(Raw data begins)

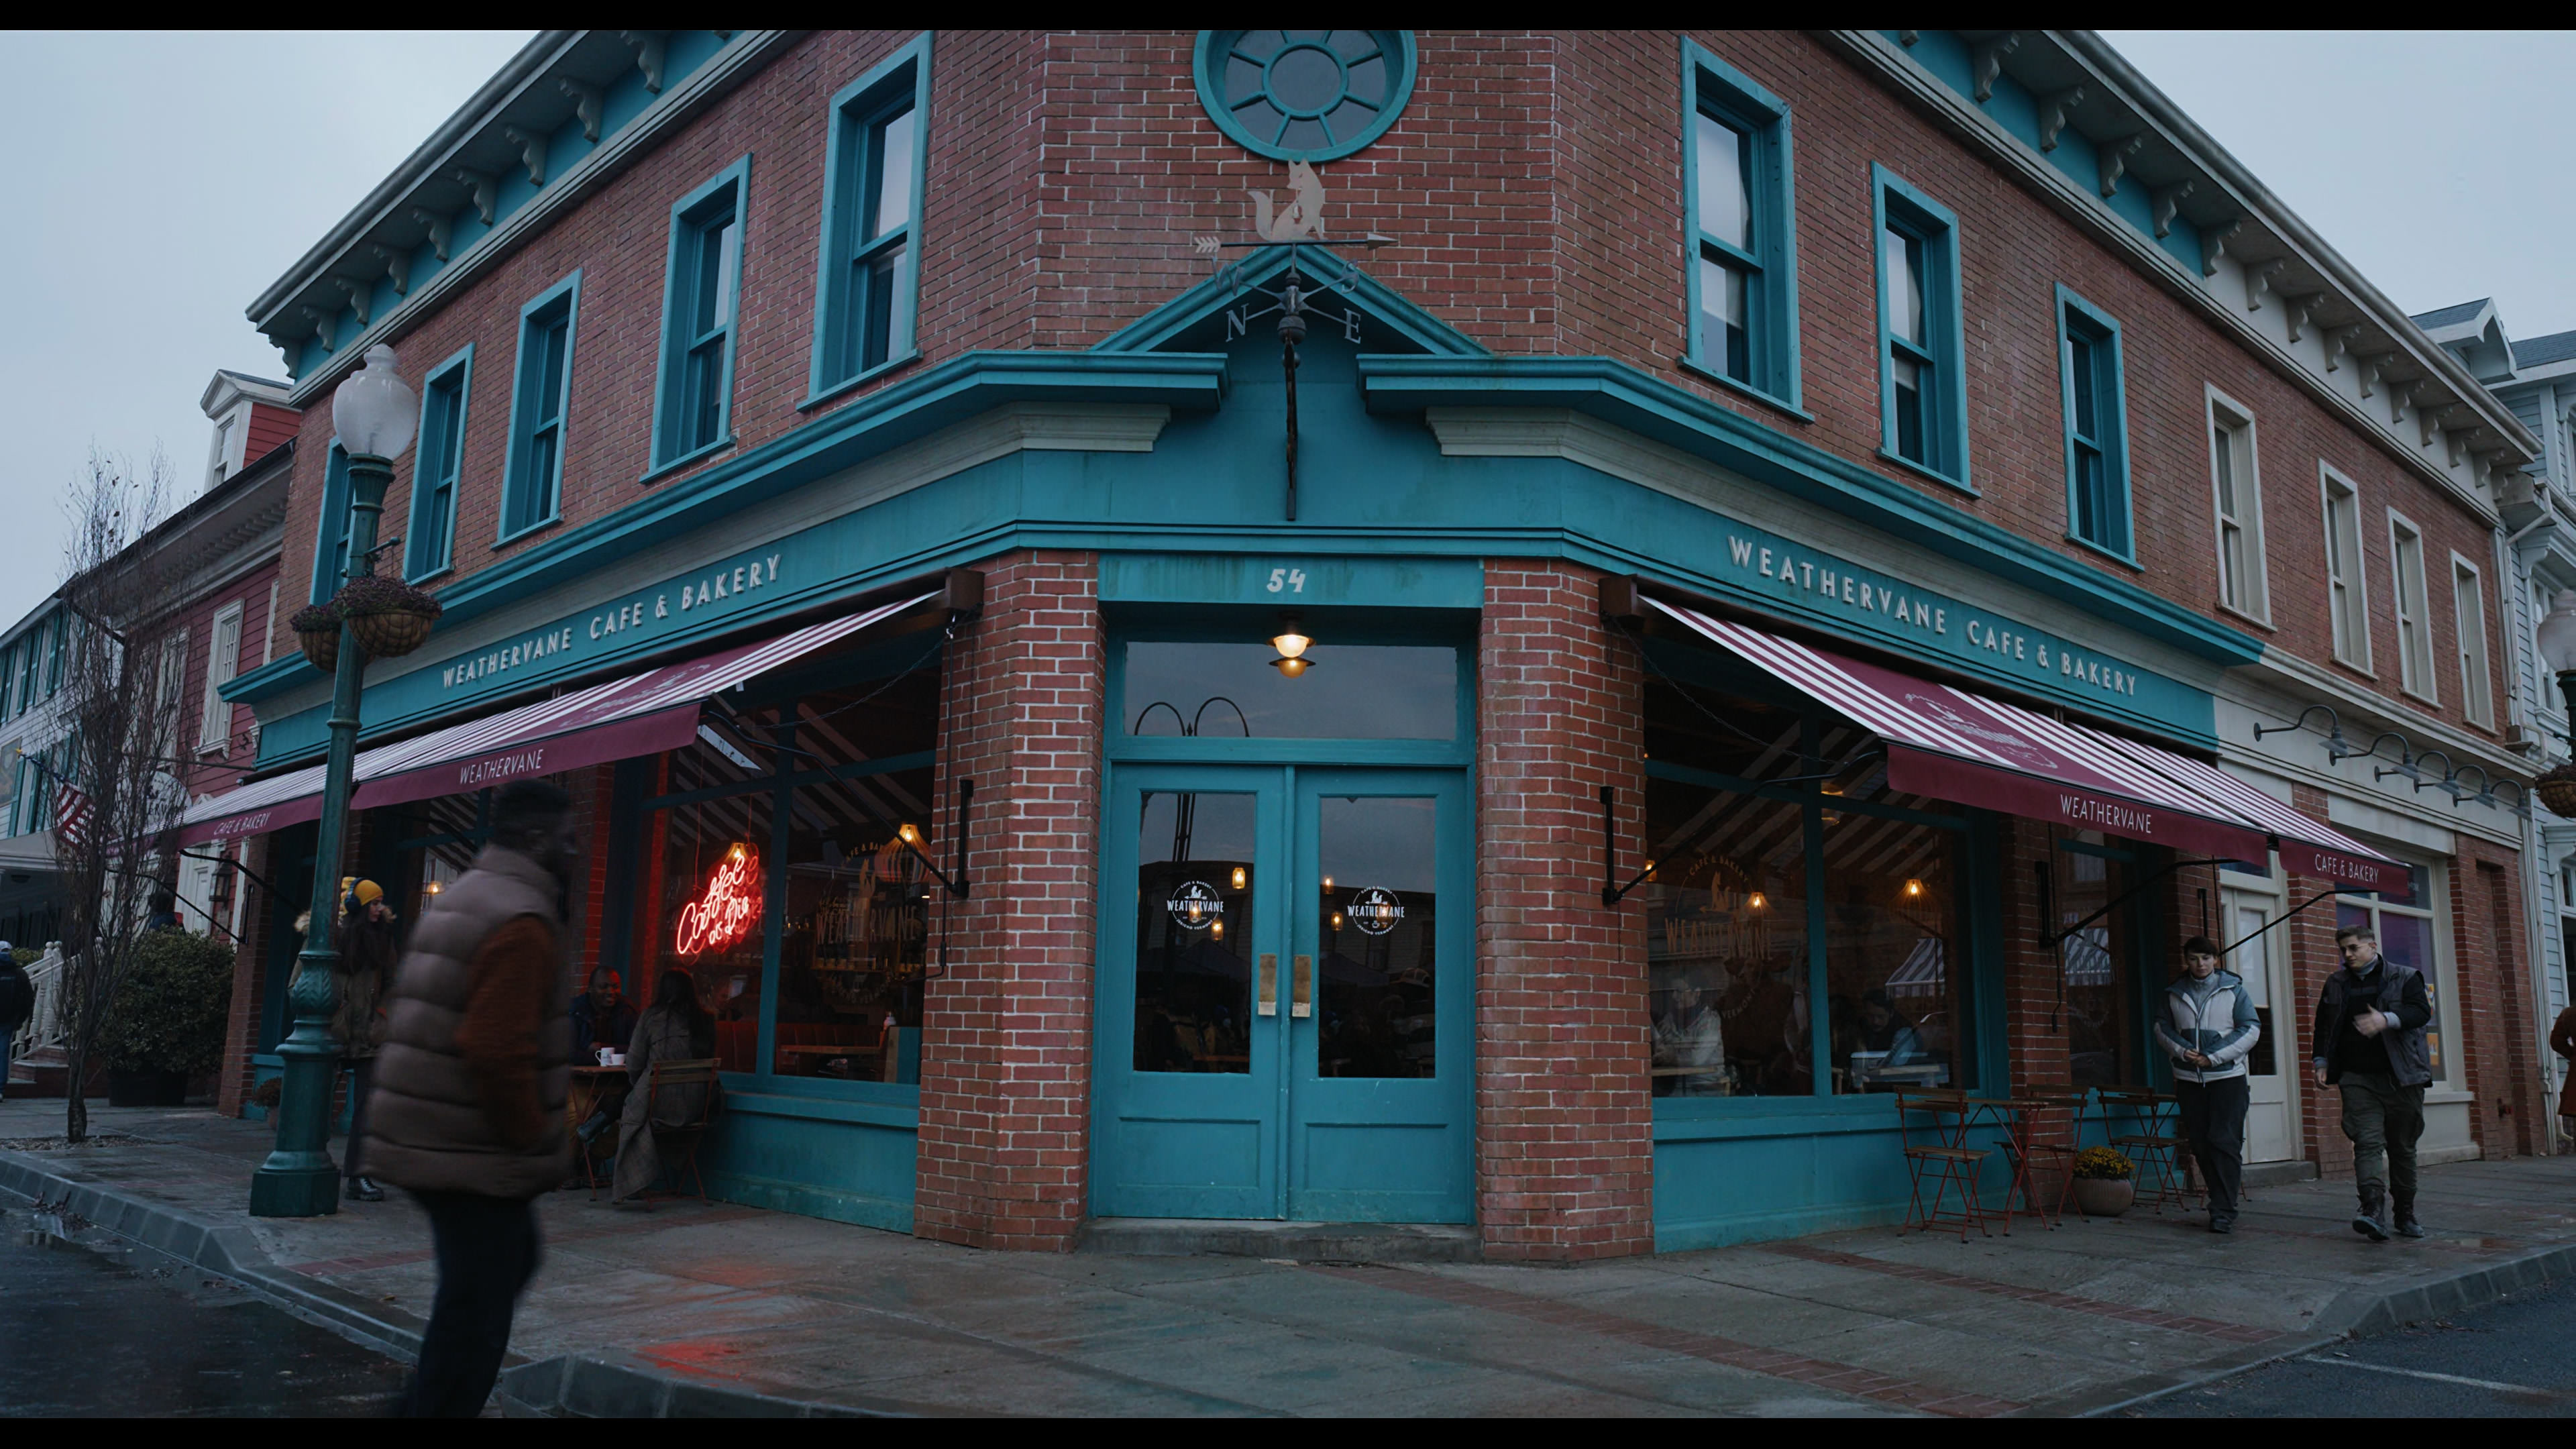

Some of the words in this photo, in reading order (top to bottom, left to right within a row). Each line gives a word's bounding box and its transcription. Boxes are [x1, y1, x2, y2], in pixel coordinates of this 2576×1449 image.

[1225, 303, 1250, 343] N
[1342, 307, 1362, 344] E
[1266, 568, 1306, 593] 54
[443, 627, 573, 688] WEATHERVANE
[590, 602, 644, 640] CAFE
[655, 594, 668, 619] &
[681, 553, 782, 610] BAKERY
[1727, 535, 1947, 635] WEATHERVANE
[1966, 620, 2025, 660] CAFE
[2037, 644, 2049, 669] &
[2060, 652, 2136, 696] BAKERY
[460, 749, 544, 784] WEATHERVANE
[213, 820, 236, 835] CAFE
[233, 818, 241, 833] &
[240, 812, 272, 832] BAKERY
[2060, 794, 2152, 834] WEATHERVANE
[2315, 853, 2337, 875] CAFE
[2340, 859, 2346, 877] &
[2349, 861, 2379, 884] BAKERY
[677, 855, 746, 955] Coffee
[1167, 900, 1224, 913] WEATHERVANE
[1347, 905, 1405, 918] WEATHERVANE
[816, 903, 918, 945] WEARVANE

(Raw data ends)

Exercise requirements ->
Copy the records exactly. Skip any pictures.

Exercise result ->
Some of the words in this photo, in reading order (top to bottom, left to right within a row). Each line gives a word's bounding box and its transcription. Boxes are [x1, y1, x2, y2], in pixel coordinates of this 2576×1449 image.

[1225, 303, 1250, 343] N
[1342, 307, 1362, 344] E
[1266, 568, 1306, 593] 54
[443, 627, 573, 688] WEATHERVANE
[590, 602, 644, 640] CAFE
[655, 594, 668, 619] &
[681, 553, 782, 610] BAKERY
[1727, 535, 1947, 635] WEATHERVANE
[1966, 620, 2025, 660] CAFE
[2037, 644, 2049, 669] &
[2060, 652, 2136, 696] BAKERY
[460, 749, 544, 784] WEATHERVANE
[213, 820, 236, 835] CAFE
[233, 818, 241, 833] &
[240, 812, 272, 832] BAKERY
[2060, 794, 2152, 834] WEATHERVANE
[2315, 853, 2337, 875] CAFE
[2340, 859, 2346, 877] &
[2349, 861, 2379, 884] BAKERY
[677, 855, 746, 955] Coffee
[1167, 900, 1224, 913] WEATHERVANE
[1347, 905, 1405, 918] WEATHERVANE
[816, 903, 918, 945] WEARVANE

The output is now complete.